Nginx directive server_tokens don't hide Server header with information about Nginx and Passenger version


Posted on May 3, 2009 by Helpful Dog

Nginx directive server_tokens don't hide Server header with information about Nginx and Passenger version.

What steps will reproduce the problem? 1. Install nginx use passenger-install-nginx-module 2. Insert directive "server_tokens off;" to nginx.conf (http section) 3. Restart nginx 4. Open page in FF (+FireBug) and check Server header

What is the expected output? What do you see instead? Now I see:

Server: nginx/0.6.36 + Phusion Passenger 2.2.2 (mod_rails/mod_rack)
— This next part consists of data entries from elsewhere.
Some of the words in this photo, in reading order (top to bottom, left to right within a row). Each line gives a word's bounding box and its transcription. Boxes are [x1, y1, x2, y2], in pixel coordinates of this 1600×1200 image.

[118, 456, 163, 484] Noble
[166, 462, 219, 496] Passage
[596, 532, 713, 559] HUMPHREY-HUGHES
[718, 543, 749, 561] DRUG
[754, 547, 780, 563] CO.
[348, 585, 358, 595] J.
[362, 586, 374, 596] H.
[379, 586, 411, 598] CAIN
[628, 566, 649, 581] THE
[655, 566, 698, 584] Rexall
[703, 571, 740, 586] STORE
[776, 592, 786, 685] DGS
I don't want everyone to see that information.

What version of Phusion Passenger are you using? Which version of Rails? On what operating system?
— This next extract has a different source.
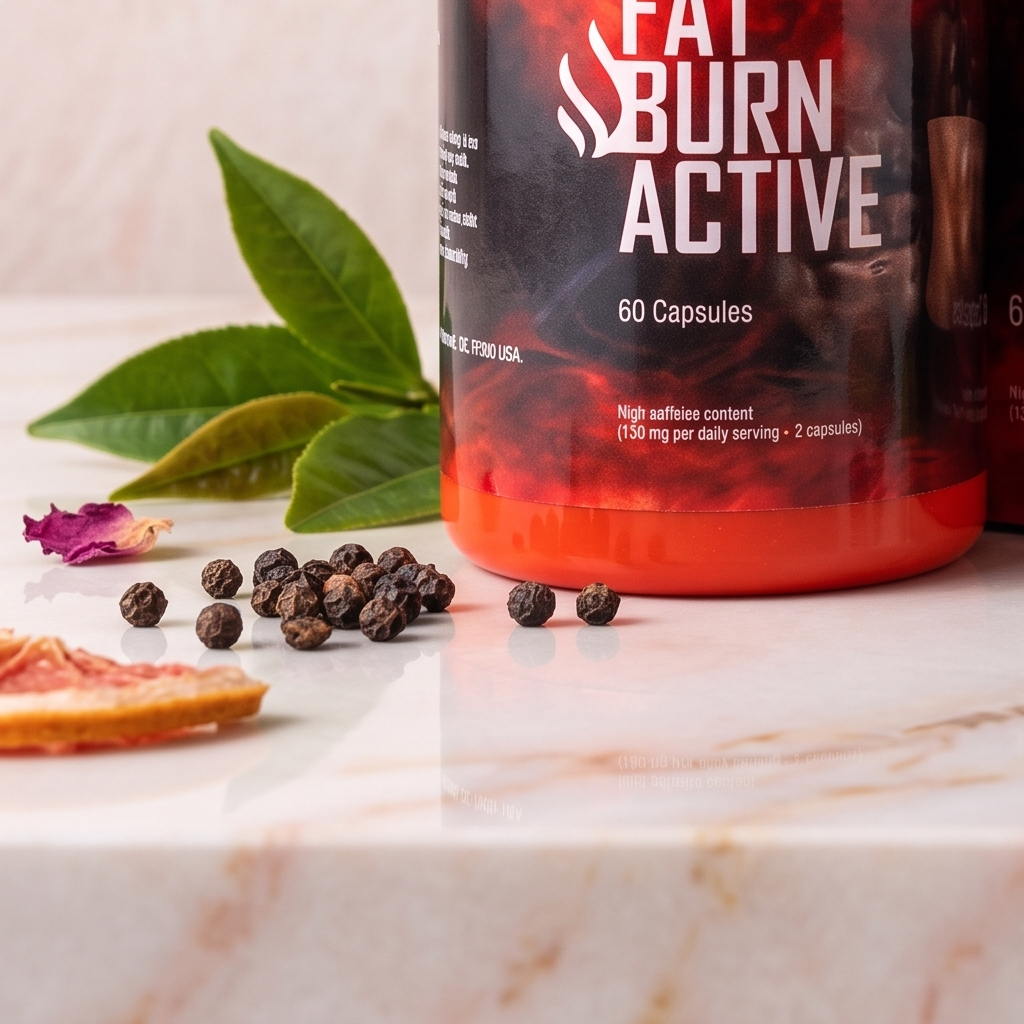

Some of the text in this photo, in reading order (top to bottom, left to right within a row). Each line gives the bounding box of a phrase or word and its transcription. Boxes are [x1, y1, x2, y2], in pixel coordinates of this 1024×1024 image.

OS: Ubuntu Server 8.10 Rails 2.2.2 Passenger 2.2.2 Ruby: ruby 1.8.6 (2008-08-11 patchlevel 287) [i686-linux] Ruby Enterprise Edition 20090421

Please provide any additional information below.

Also I want to hide X-Powered-By header, I known what I can hide it in Apache, but I don't known how to hide that header in nginx.

Comment #1

Posted on Jun 17, 2010 by Massive Bird

This is still an issue with the more current version 2.2.11, I haven't tried the last version, but since this issue didn't show up in the changelogs, I'm assuming it's an issue there too,

OS: Debian 5.0 Rails: 2.3.8 Passenger: 2.2.11 Ruby: ruby 1.8.7 (2009-12-24 patchlevel 248) [x86_64-linux], MBARI 0x6770, Ruby Enterprise Edition 2010.01 nginx: 0.7.65

Comment #2

Posted on Jul 10, 2010 by Happy Cat

Same issue, can't hide nor modify the server output string. Passenger totally ignores custom strings even when nginx is built from source as well as the server_tokens off; directive. I guess advertising the project is more important than security, since this defect is so lowly prioritized and nothing has been done about it for some time.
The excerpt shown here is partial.